Delving into the mysteries of ‘Ode to Billie Joe’ and the elusive Bobbie Gentry

 Author Tara Murtha sits in on a rehearsal at Retro City Studios in Germantown. (Emma Lee/WHYY)

Author Tara Murtha sits in on a rehearsal at Retro City Studios in Germantown. (Emma Lee/WHYY)

In 1967, the Beatles’ “All You Need is Love” was knocked out of the No.1 spot on the charts by a slow, plaintive ballad by the unknown singer-songwriter Bobbie Gentry.

“Ode to Billie Joe” was Gentry’s first hit and biggest hit. The simple song — with only two chords, no chorus, just a voice accompanied by acoustic guitar and a string section for color — contains a mystery that remains to this day: Why did Billie Joe McAllister jump off the Tallahatchie Bridge, and what had he and the song’s narrator previously thrown off the bridge?

“The only mystery bigger than why did Billie Joe jump off the Tallahatchie Bridge is: where is Bobbie Gentry?” said Tara Murtha, the Philadelphia author of a book-length study of the album and subsequent career of Gentry. “Ode to Billie Joe” is published by Bloomsbury as part of its 33 1/3 series.

The first question was never meant to be answered. Gentry’s Southern Gothic lyrics — about a family’s inability to communicate with each other over supper — is made richer by the unexplained mystery.

The second question — what happened to the song’s author — is the subject of Murtha’s book. Gentry released records on the Capitol label for just five years. In the 1970s, she turned her creative energy toward lavish musical stage productions. She was a regular headliner in Las Vegas.

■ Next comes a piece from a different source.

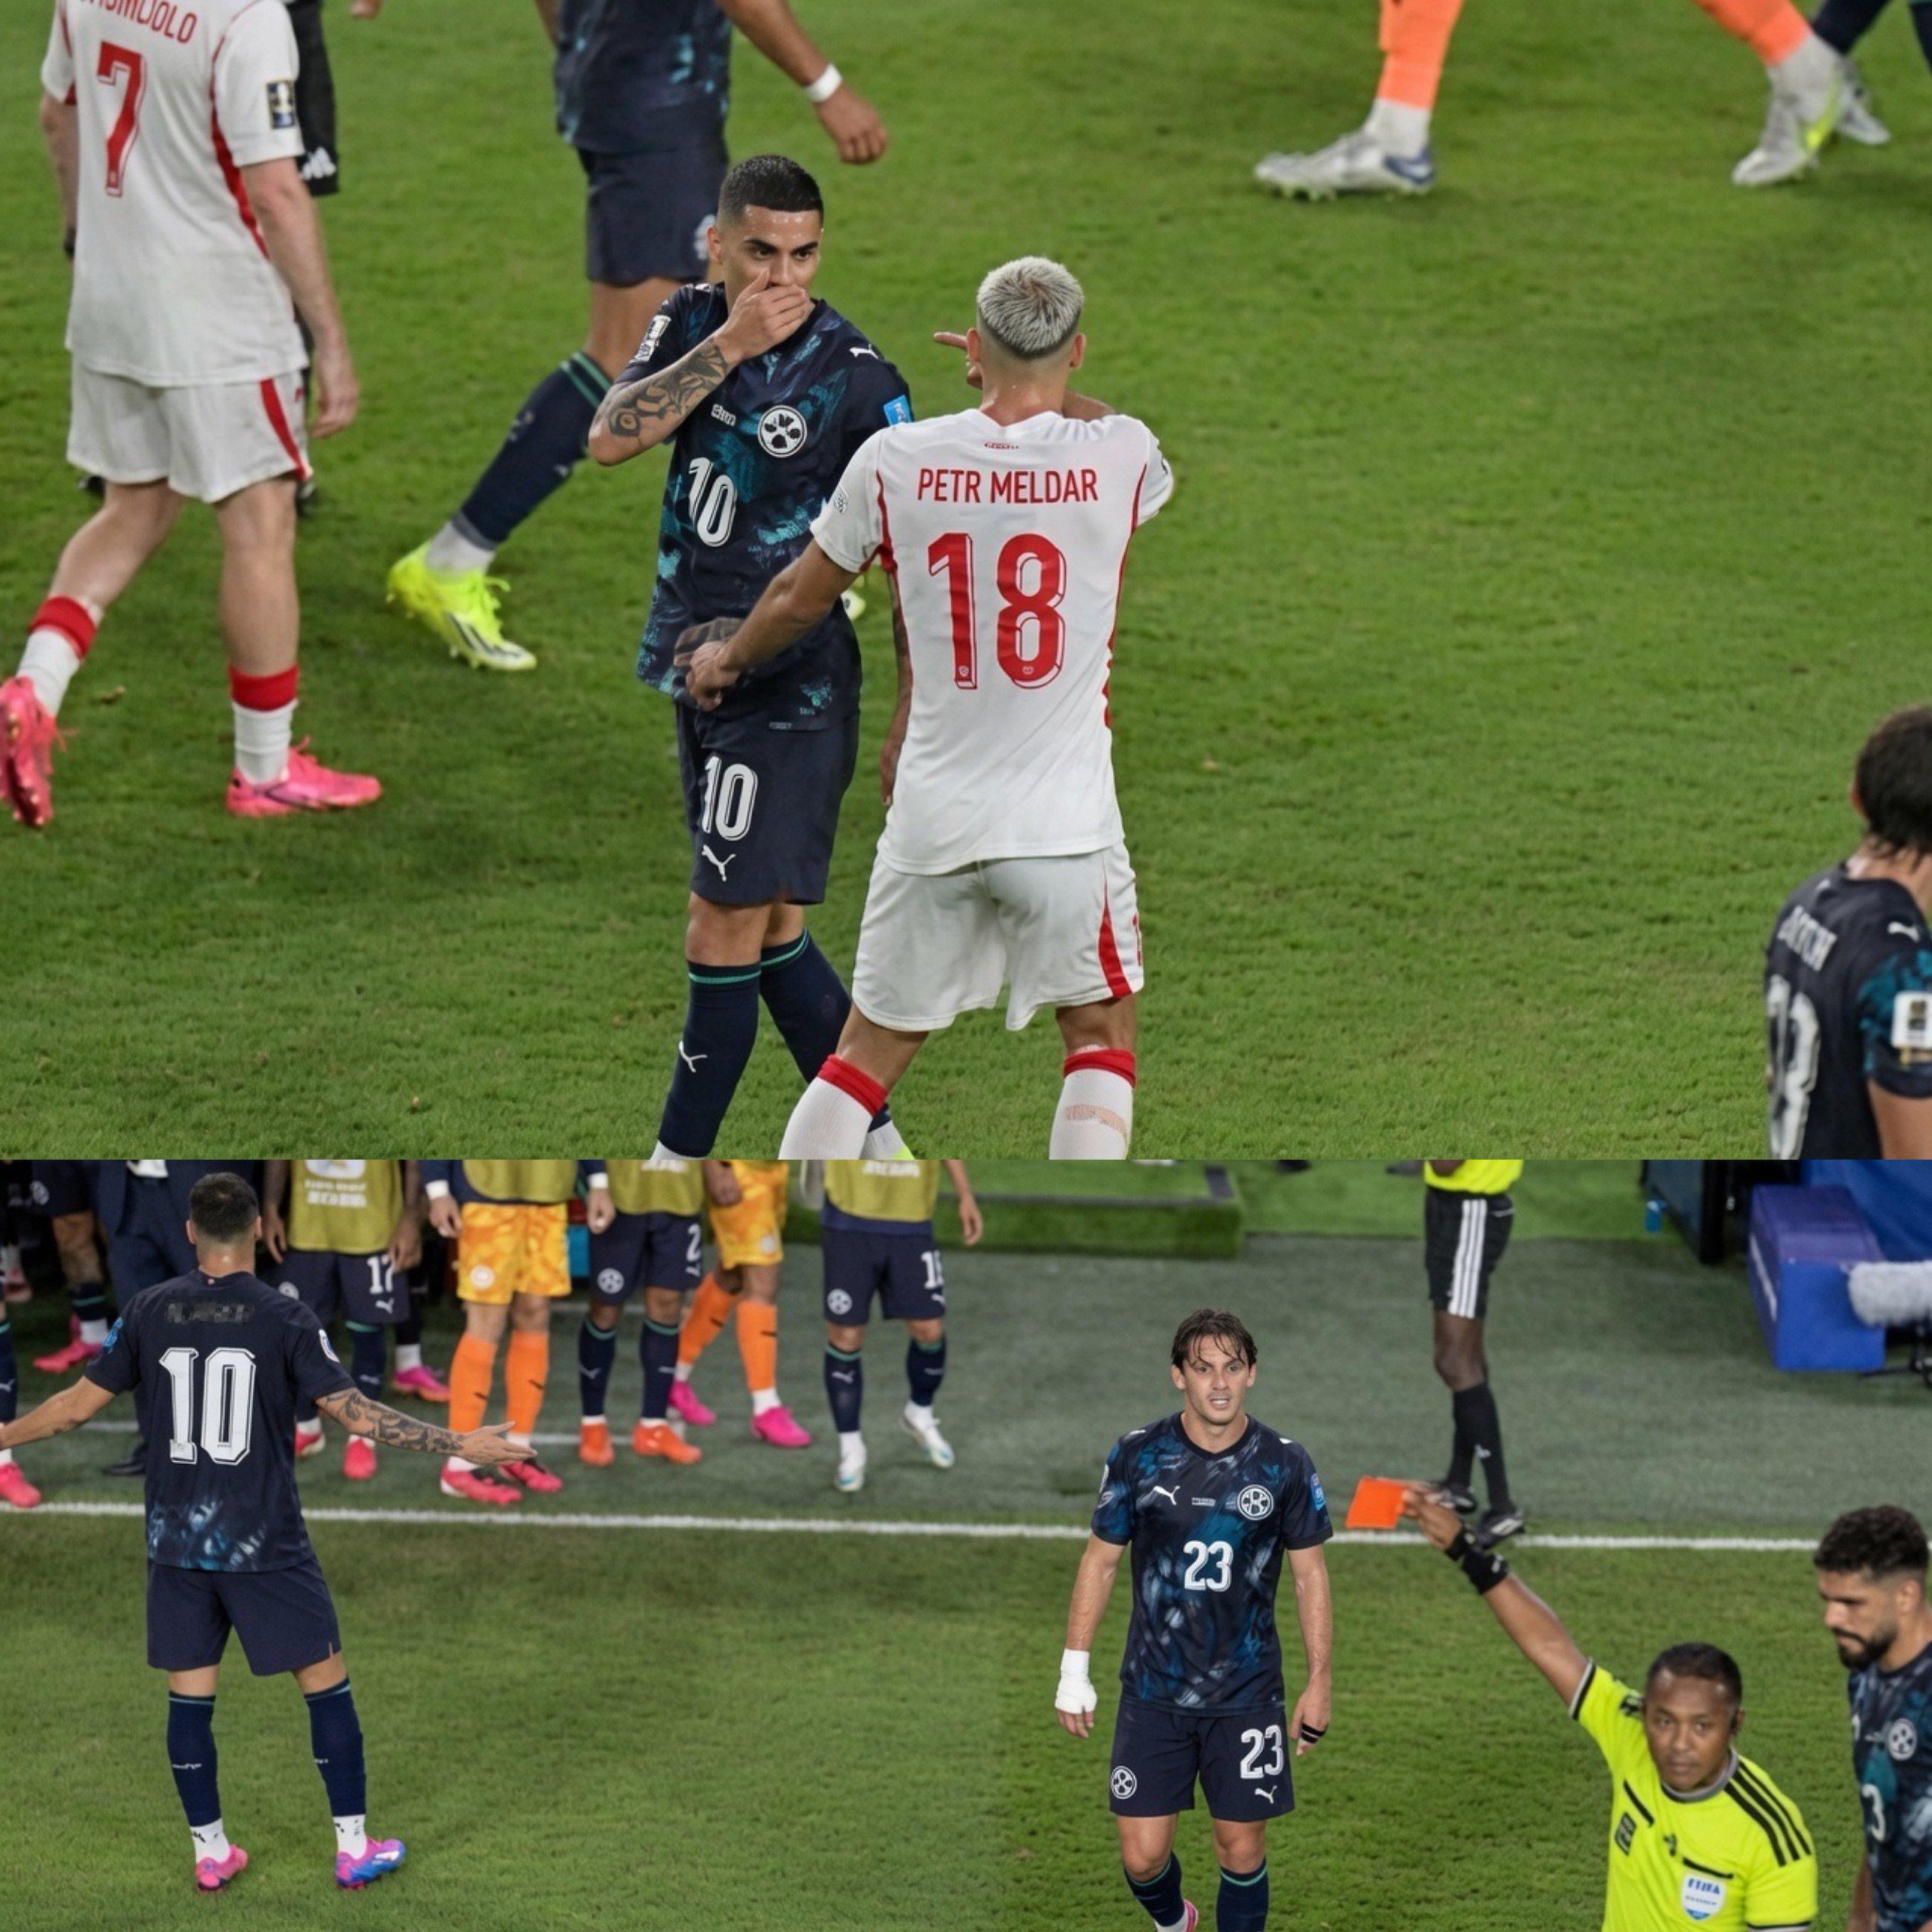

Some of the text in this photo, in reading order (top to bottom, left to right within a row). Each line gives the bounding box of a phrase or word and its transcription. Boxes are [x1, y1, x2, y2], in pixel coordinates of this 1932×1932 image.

After a short and successful run with a variety show on the BBC, Gentry tried to establish a similar show on American television, which never panned out. After that, she sort of disappeared in the early 1980s.

“Even people she was very close to were surprised they were not in her inner circle,” said Murtha, who spent five years tracking down Gentry and associated Bobbiebilia. “I was calling to interview people, and they would answer the phone and say, ‘Where is she? What happened? What’s she doing?’ They had more questions for me than I had for them.”

Murtha was attracted to Gentry because of her artistry, her mystery, and her complex feminism. Gentry was sexy, and she knew it. She personally controlled almost every aspect of her career and her stage persona. Her stage dress could range from cutoff dungarees and tied-up blouses, to hip-hugging bell-bottom jumpsuits.

“In 1974, a writer asked her, ‘Are you feminist? You wear fake eyelashes and play your femininity to the hilt, and you do all these things that don’t seem feminist,'” said Murtha. “Fast forward almost 50 years, and Beyonce is being asked the same question.”

For her book release, Murtha organized a pick-up band of eight local players headed by musician Phil D’Agostino to re-create every track on the album “Ode to Billie Joe,” in order, for a performance at Underground Arts in Philadelphia.

The show revealed that the song “Ode to Billie Joe” was not just unusual for popular radio — at 4:15 it was consider much too long for heavy rotation play, which it got nevertheless — but also unusual for Gentry. Some of the songs on the album are loud, electric, bluesy rock with an over-the-top sensibility that Gentry took to extremes in her Las Vegas shows.

The track “Mississippi Delta,” with rough vocals and rock guitar, was originally intended to be her debut single. “Ode to Billie Joe” was on the other side.